Your new novel, Love, comes out in May. Is it a departure from your other work?
Not really! Love is about two men, the same age as myself, who used to be very close but now only meet very occasionally. They used to go on the tear together in Dublin but don’t anymore. So they meet to catch up and go to pub after pub – pubs feature a lot in the book – relearning the geography of their younger years.
Love is obviously partly about Dublin, which has been a dominant theme in your work. Have you seen it change a lot over the past twenty years? I ask because Rosie (a film Doyle wrote in 2018) strikes me as angrier than your earlier work set in the city.
Change is inevitable, and I wouldn’t want to live in a museum. But the change in Dublin has been both for the better and the worse. The area I grew up in has changed dramatically, gotten dramatically less affordable. I see Rosie as a sort of companion piece to The Woman Who Walked Into Doors, which I started writing in the early nineties. And it struck me, writing Rosie, that not much has changed in the living standards of working class women – if anything they’ve gotten worse, more drastic.
So there’s certainly an anger in Rosie, and in all my work. There’s a song by John Lydon’s band PiL called Rise which features the line ‘anger is an energy’. I remember hearing that line for the first time, and it making complete sense to me. I’m normally quite soft spoken and affable, and I was able to teach for 14 years without terrifying my students, but there’s a definite anger in me, and if I didn’t have that – even in my comedies – I wouldn’t be able to write. It’s a key part of the weaponry.
Young people in Ireland also seem angry. Were you heartened by Sinn Fein’s performance in the recent election?
It was very interesting and remains so. I’ll be intrigued to see what sort of a government emerges from the horsetrading that’s currently going on. I think politics in Ireland is very different to Britain – you’ve only had the one referendum in the past few years, and it seems to me that its outcome was largely dictated by older people. In Ireland, the last two significant referendums, same sex marriage and abortion, were dominated by younger voters, and that energy seemed to continue into the general election.

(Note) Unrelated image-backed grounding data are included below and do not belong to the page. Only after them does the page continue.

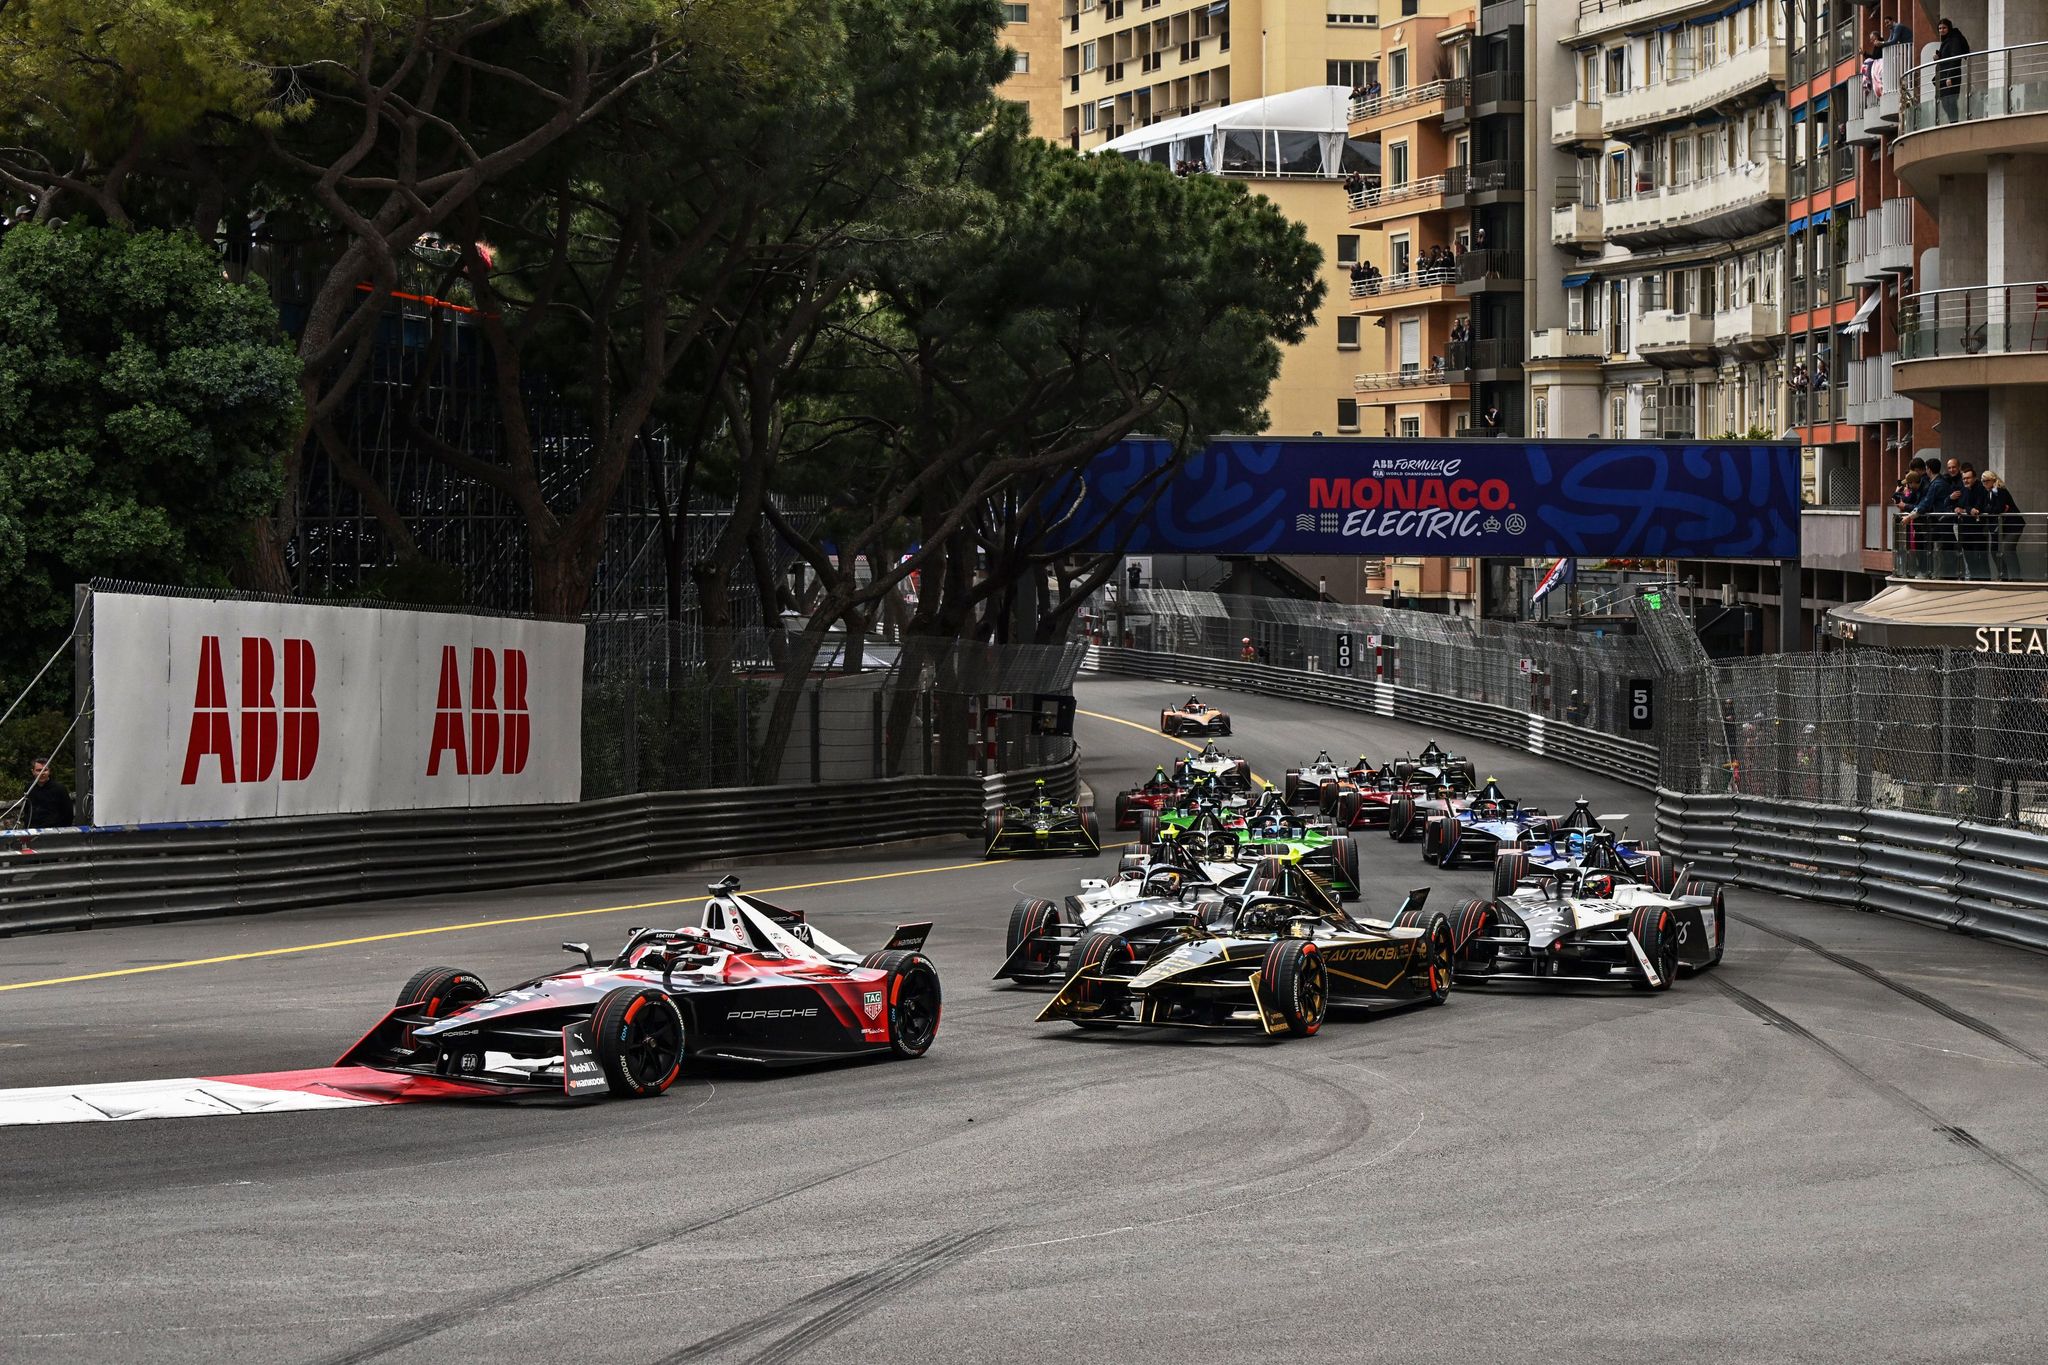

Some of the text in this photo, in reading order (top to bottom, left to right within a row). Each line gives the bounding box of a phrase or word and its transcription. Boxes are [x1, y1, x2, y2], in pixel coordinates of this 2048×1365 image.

[1372, 459, 1394, 469] ABB
[1394, 459, 1445, 470] FORMULA
[1975, 627, 2048, 657] STEA
[180, 635, 320, 785] ABB
[426, 645, 531, 776] ABB
[865, 993, 881, 1003] TAG
[726, 1008, 819, 1020] PORSCHE
[442, 1029, 479, 1038] PORSCHE
[570, 1062, 590, 1074] Mobil
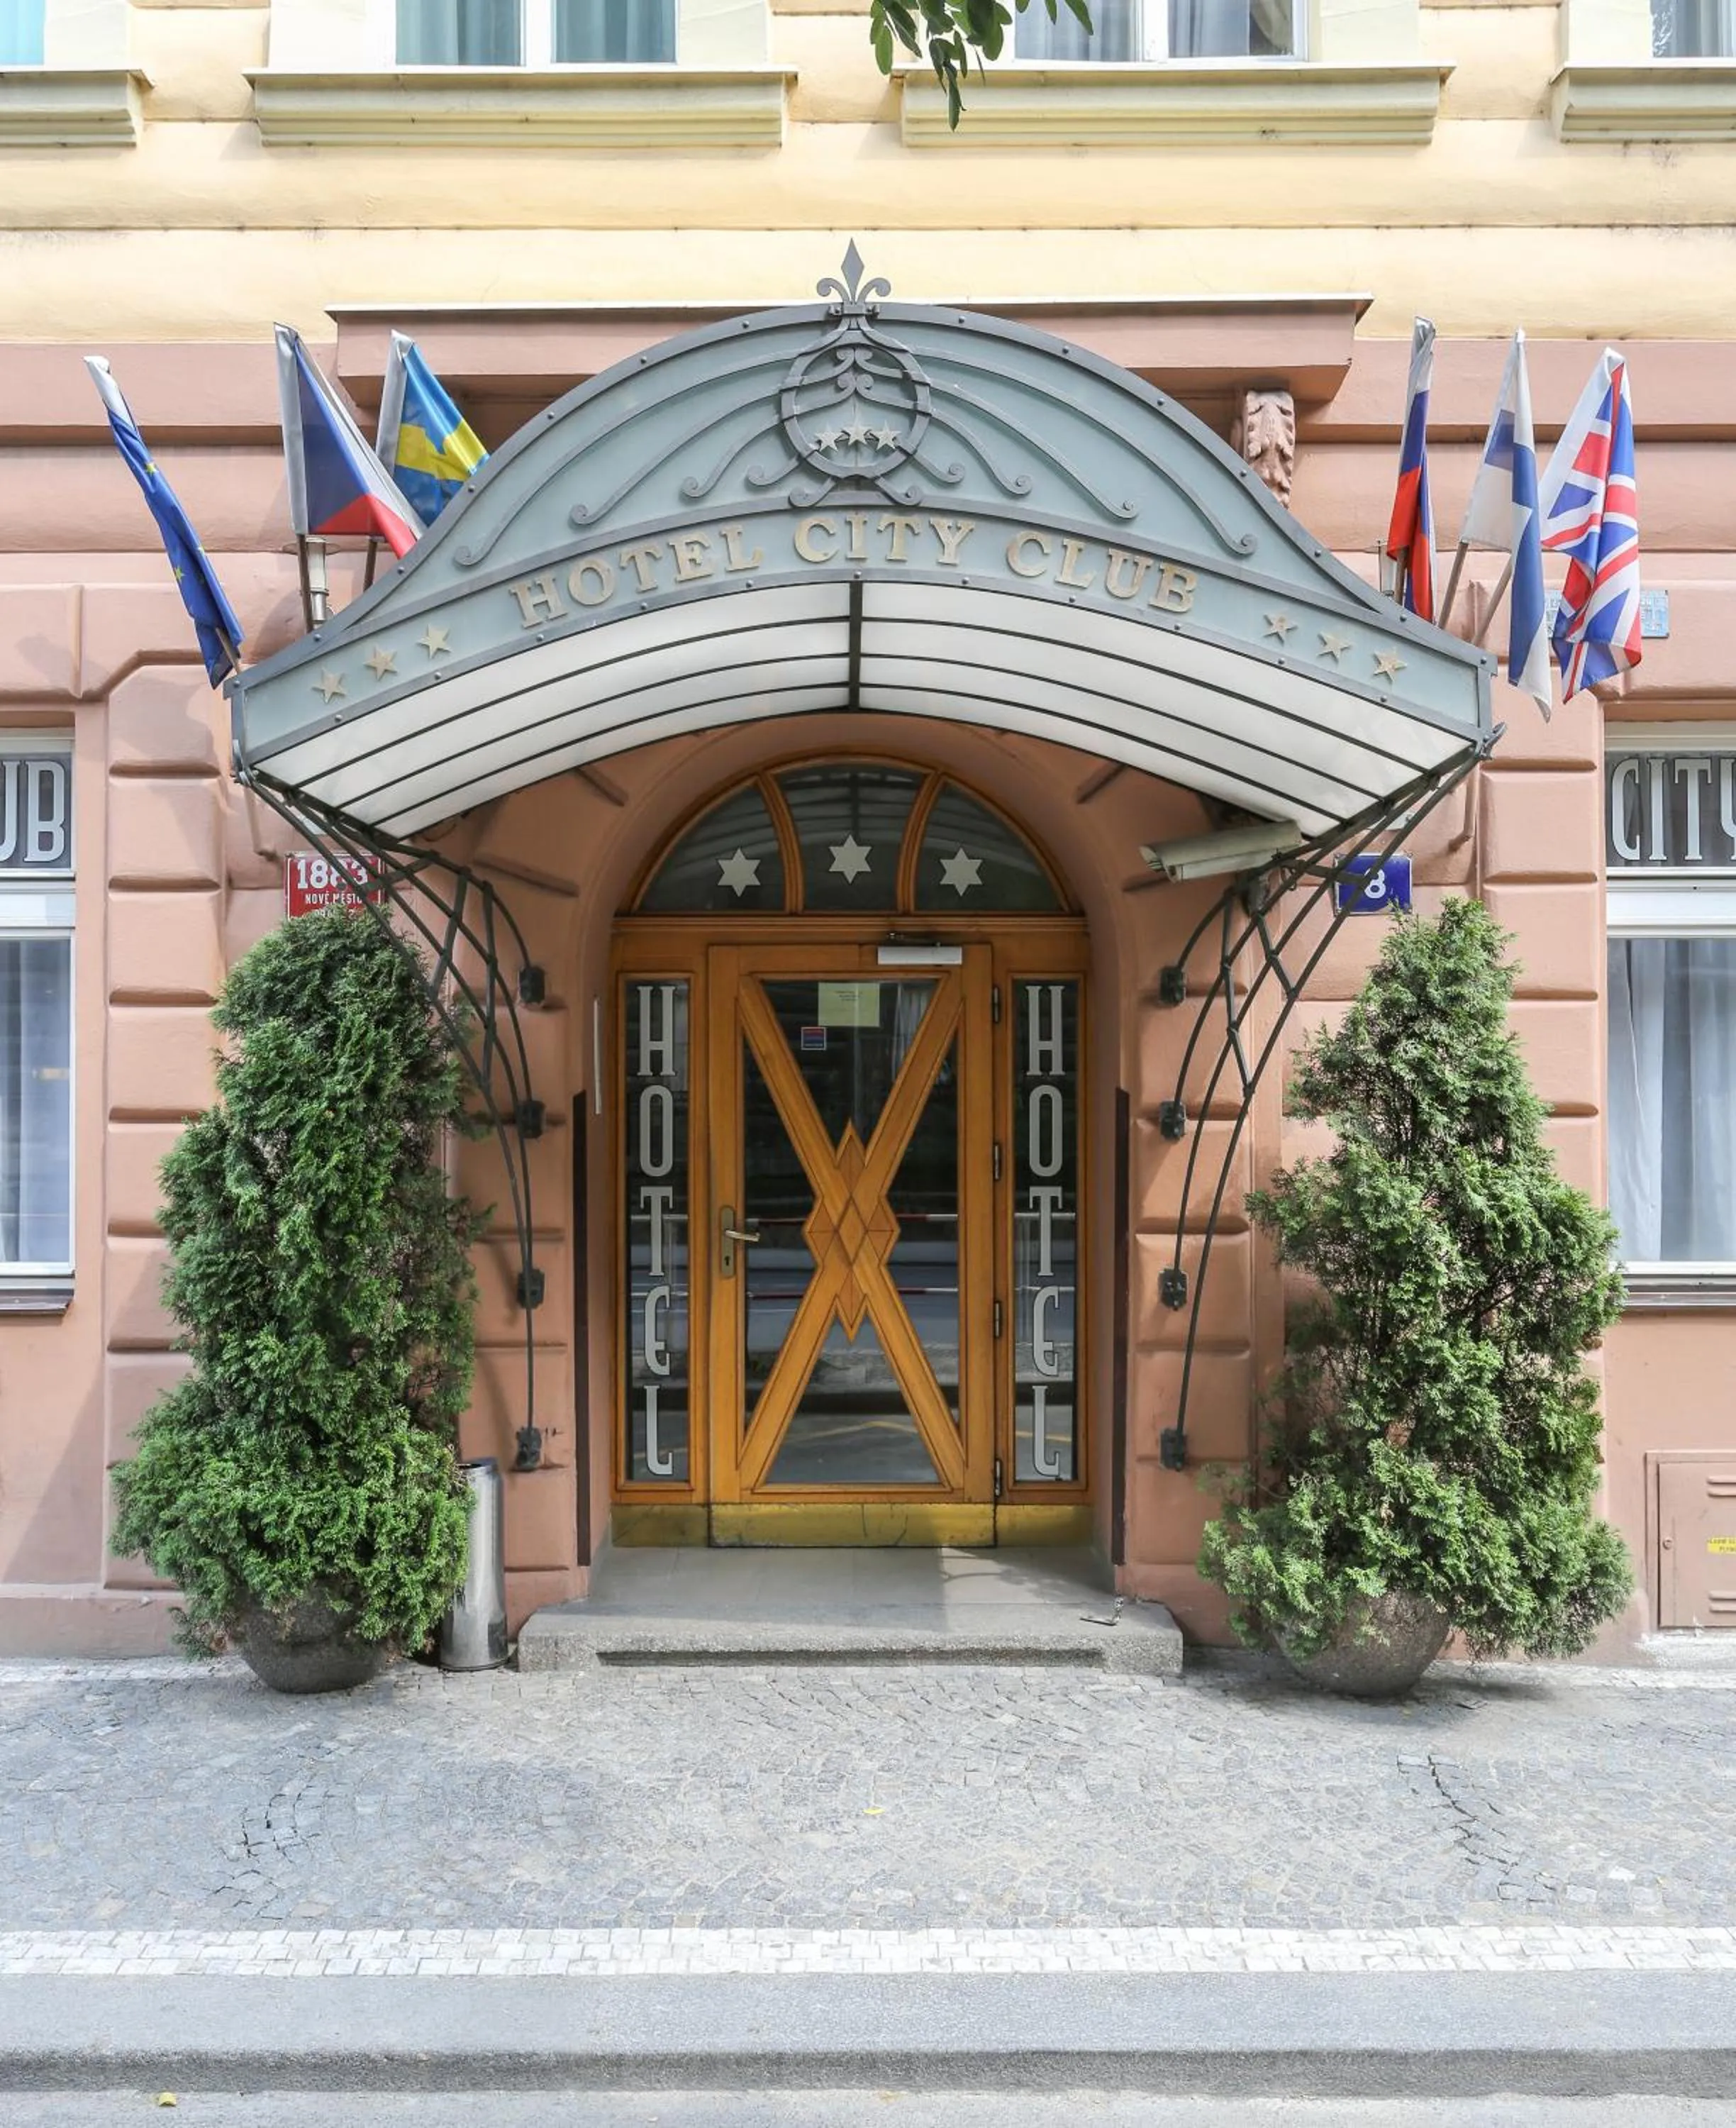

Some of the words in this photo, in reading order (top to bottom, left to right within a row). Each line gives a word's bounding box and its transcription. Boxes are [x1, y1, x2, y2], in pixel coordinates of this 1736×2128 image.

Our politics have been dominated by two very similar parties (Fianna Fail and Fine Gael) since the foundation of the state – ok, maybe there are some differences in their support, but when you put them both in the stew there’s not much to distinguish the carrots and the parsnips. Finally young people have broken that. They voted left, they voted for a change, and I think that is very encouraging, because the only way we’ll sort out the housing and the health crisis is if young and working class people grab the country by the scruff of the neck and say enough is enough.
You’ve written a number of children’s books, like the Giggler Treatment, which I grew up reading. Did you decide to write for children because you had kids of your own?
I certainly wrote The Giggler Treatment for my own children. They were young at the time, and they’re all grown up now. They don’t read all my work, but they’ve read some. If there’s an occasion I like them to be involved – say I’ve got a play opening, I like them to come to opening night, but I’ve tried not to inflict my work on them. And luckily they don’t get much attention with a surname like Doyle in Ireland.
Do you think Irish literature is in a good place?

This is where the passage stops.